Instant results are not realistic – therapy does not work overnight. As Rollins says, you wouldn’t expect six-pack abs after a stop or two at the gym.

That said, if you don’t feel like you’re progressing after a few months, talk to your therapist about what might be bothering you. Ask them what their expectations and goals are, and make sure you’re on board. Stalled progress “could mean the therapist isn’t right for you or other stressors are getting in your way,” says Rollins, which is why it’s important to discuss it.

6. Your therapist always cancels or is chronically late.

Sessions will inevitably have to be canceled or rescheduled at some point along the way. But if your therapist is constantly absent, it could interfere with your treatment, Rollins says.

Approach the situation by letting your therapist know that you were hoping to meet weekly or at some other agreed upon frequency. Then say, “I notice that this is not happening. Is there a way to get more consistent appointments? suggests Rollins. This will likely be more productive than explicitly calling them to cancel, which could put them on the defensive.

Likewise, if your therapist is always late, talk it over and see if the situation improves. Mention that for the last three sessions, you arrived 15 minutes before them, and since you value your time, you hope they do the same.

7. He or she crosses a line.

Ethical violations are unacceptable. This includes a therapist asking to see you outside of a session, frequently and casually texting you from their home phone number, touching you and making comments about your body or appearance, Williams says.

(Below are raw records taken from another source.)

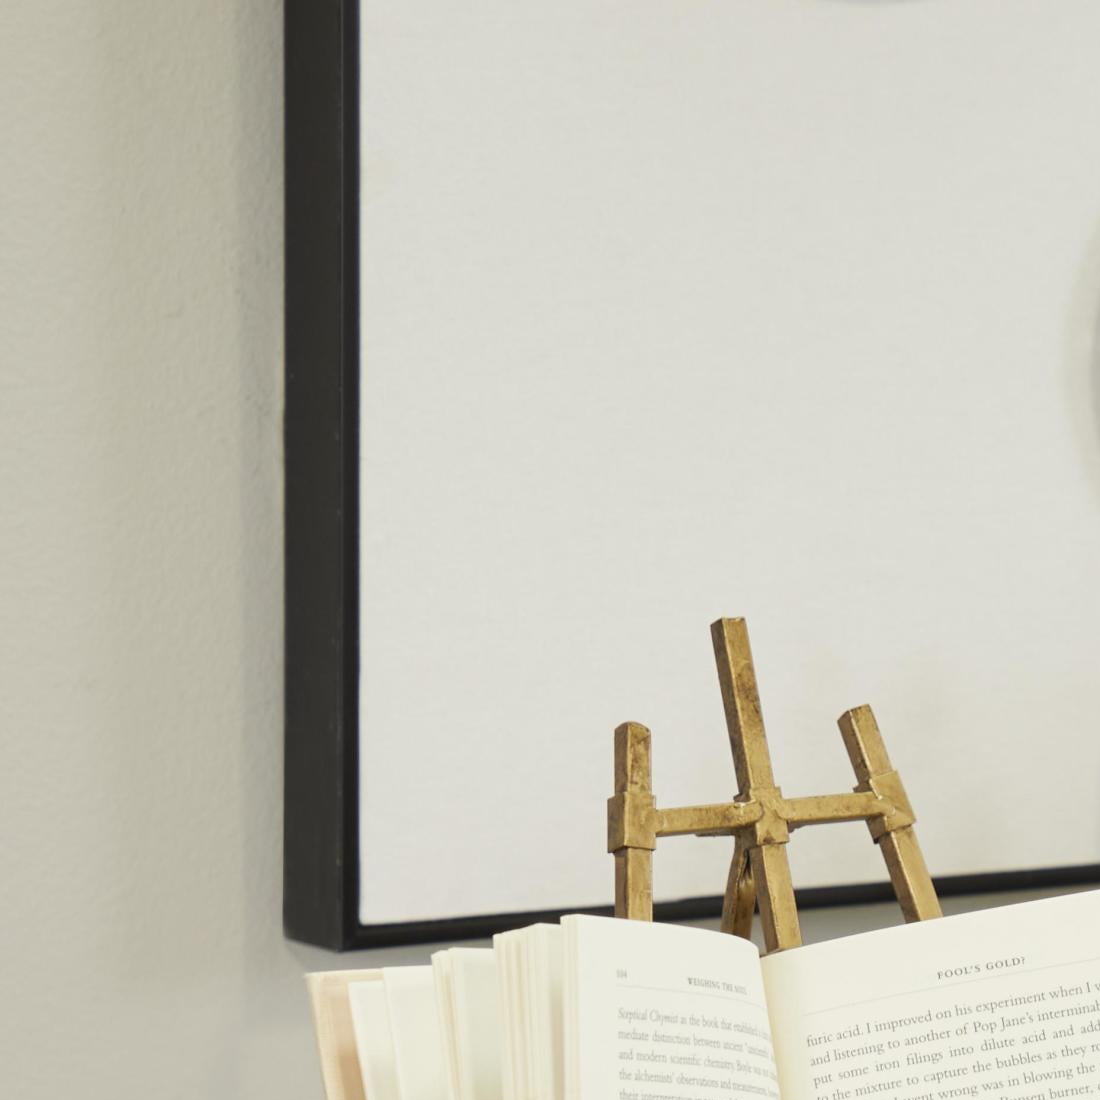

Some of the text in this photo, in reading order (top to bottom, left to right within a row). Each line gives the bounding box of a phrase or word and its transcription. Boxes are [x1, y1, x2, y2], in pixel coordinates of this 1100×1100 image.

[936, 956, 1026, 980] FOOL'S GOLD?
[806, 1031, 833, 1048] furic
[835, 1024, 864, 1041] acid.
[874, 1009, 933, 1033] improved
[935, 1009, 953, 1021] on
[954, 1004, 973, 1017] his
[975, 992, 1047, 1014] experiment
[1048, 985, 1084, 1000] when
[810, 1050, 831, 1067] and
[832, 1042, 886, 1062] listening
[887, 1039, 901, 1050] to
[904, 1028, 952, 1047] another
[954, 1022, 970, 1037] of
[972, 1020, 998, 1035] Pop
[999, 1011, 1035, 1033] Jane's
[813, 1073, 833, 1090] put
[837, 1066, 869, 1080] some
[874, 1059, 901, 1073] iron
[906, 1051, 944, 1066] filings
[948, 1045, 975, 1059] into
[980, 1037, 1016, 1052] dilute
[1021, 1028, 1047, 1045] acid
[1049, 1023, 1075, 1040] and
[854, 1079, 903, 1097] mixture
[905, 1076, 920, 1086] to
[923, 1066, 969, 1085] capture
[972, 1060, 993, 1074] the
[994, 1051, 1044, 1070] bubbles
[1045, 1050, 1058, 1061] as
[1060, 1044, 1087, 1059] they
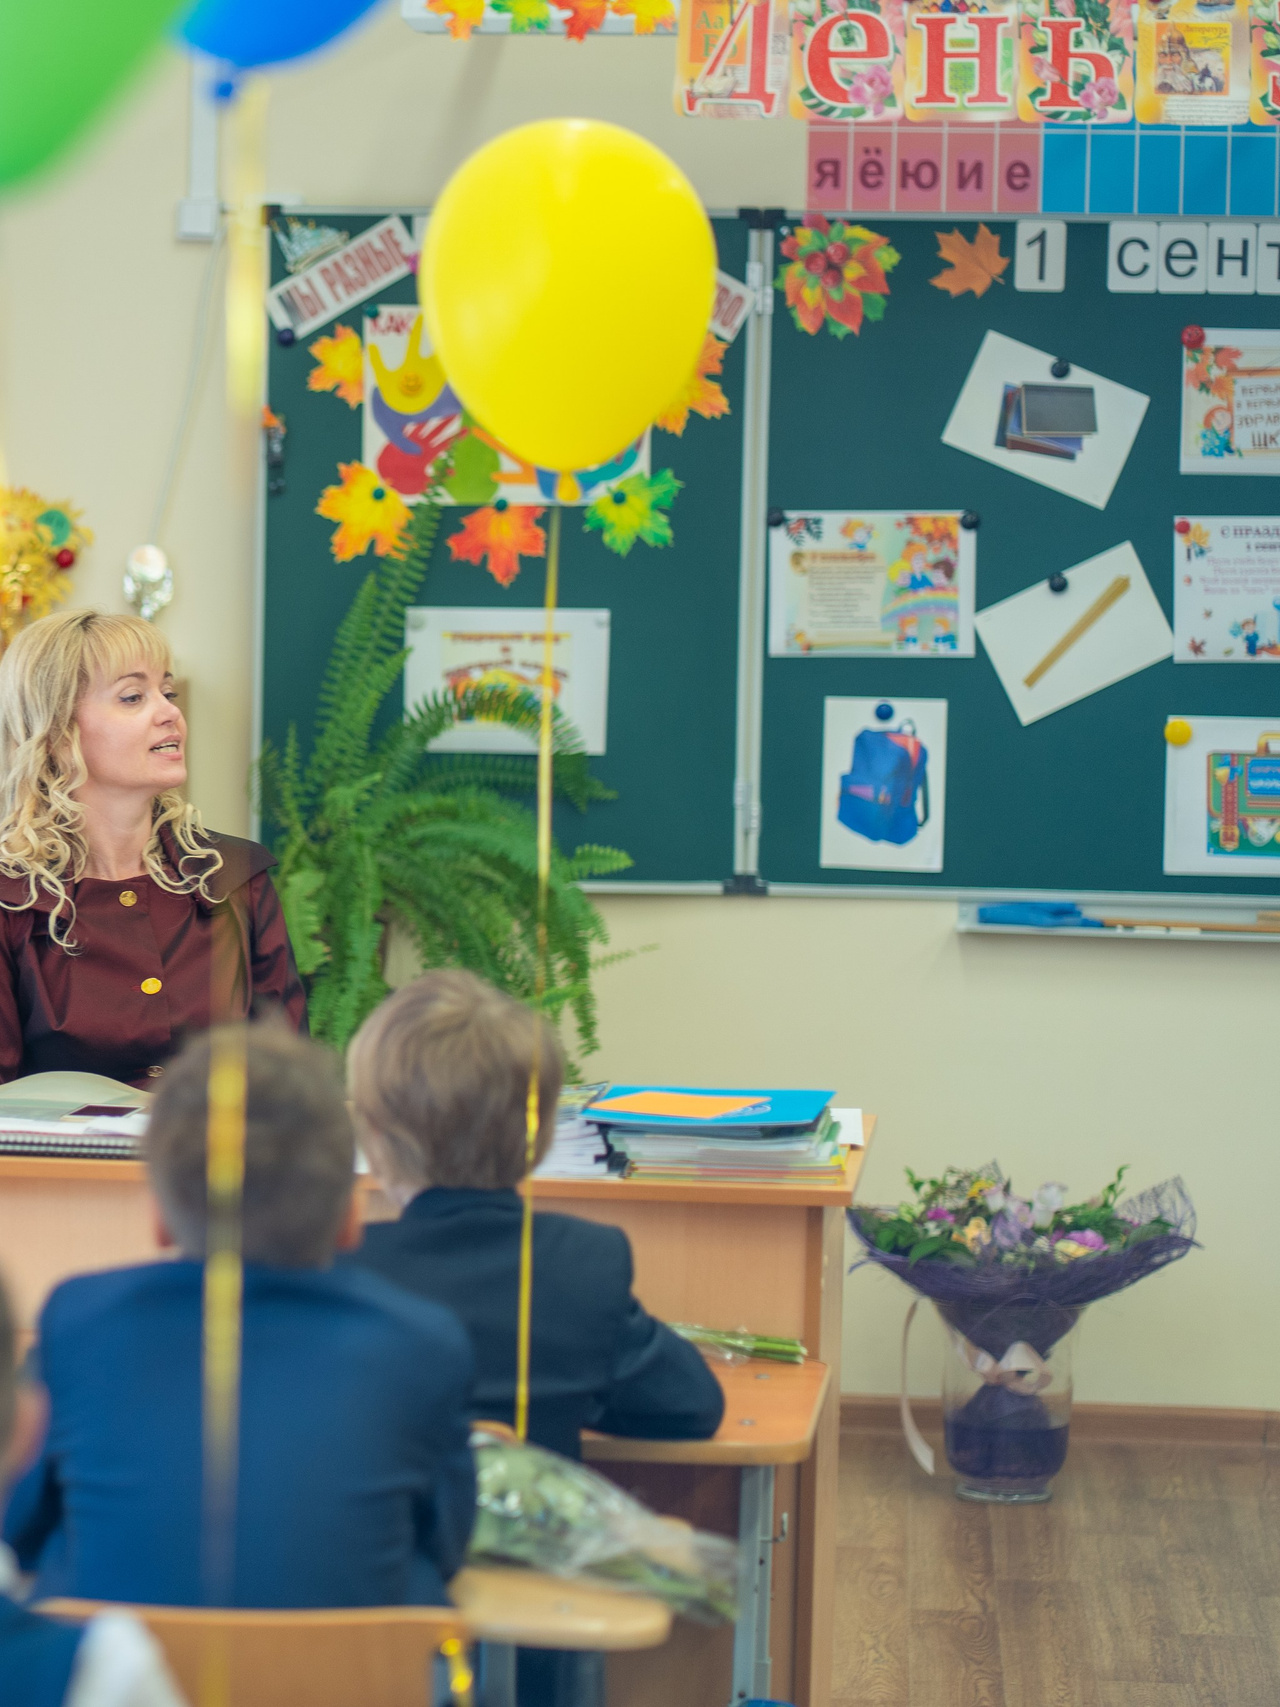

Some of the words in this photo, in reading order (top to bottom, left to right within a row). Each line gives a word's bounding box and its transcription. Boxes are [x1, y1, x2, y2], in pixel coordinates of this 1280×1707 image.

[685, 0, 1118, 114] День
[320, 228, 409, 304] РАЗНЫЕ
[1025, 228, 1047, 282] 1

“If your therapist is starting to seem more familiar to you than a professional relationship, something is probably going on,” she adds. “These things happen more frequently than people realize” and may require a formal complaint to be filed.

Breaching confidentiality is also unethical. As O’Brien points out, therapists working with adults are required to keep sessions confidential unless the client poses an immediate danger to themselves or others. “You should feel comfortable that your therapist isn’t sharing with other people,” she says. “And if they are, that’s a huge red flag.”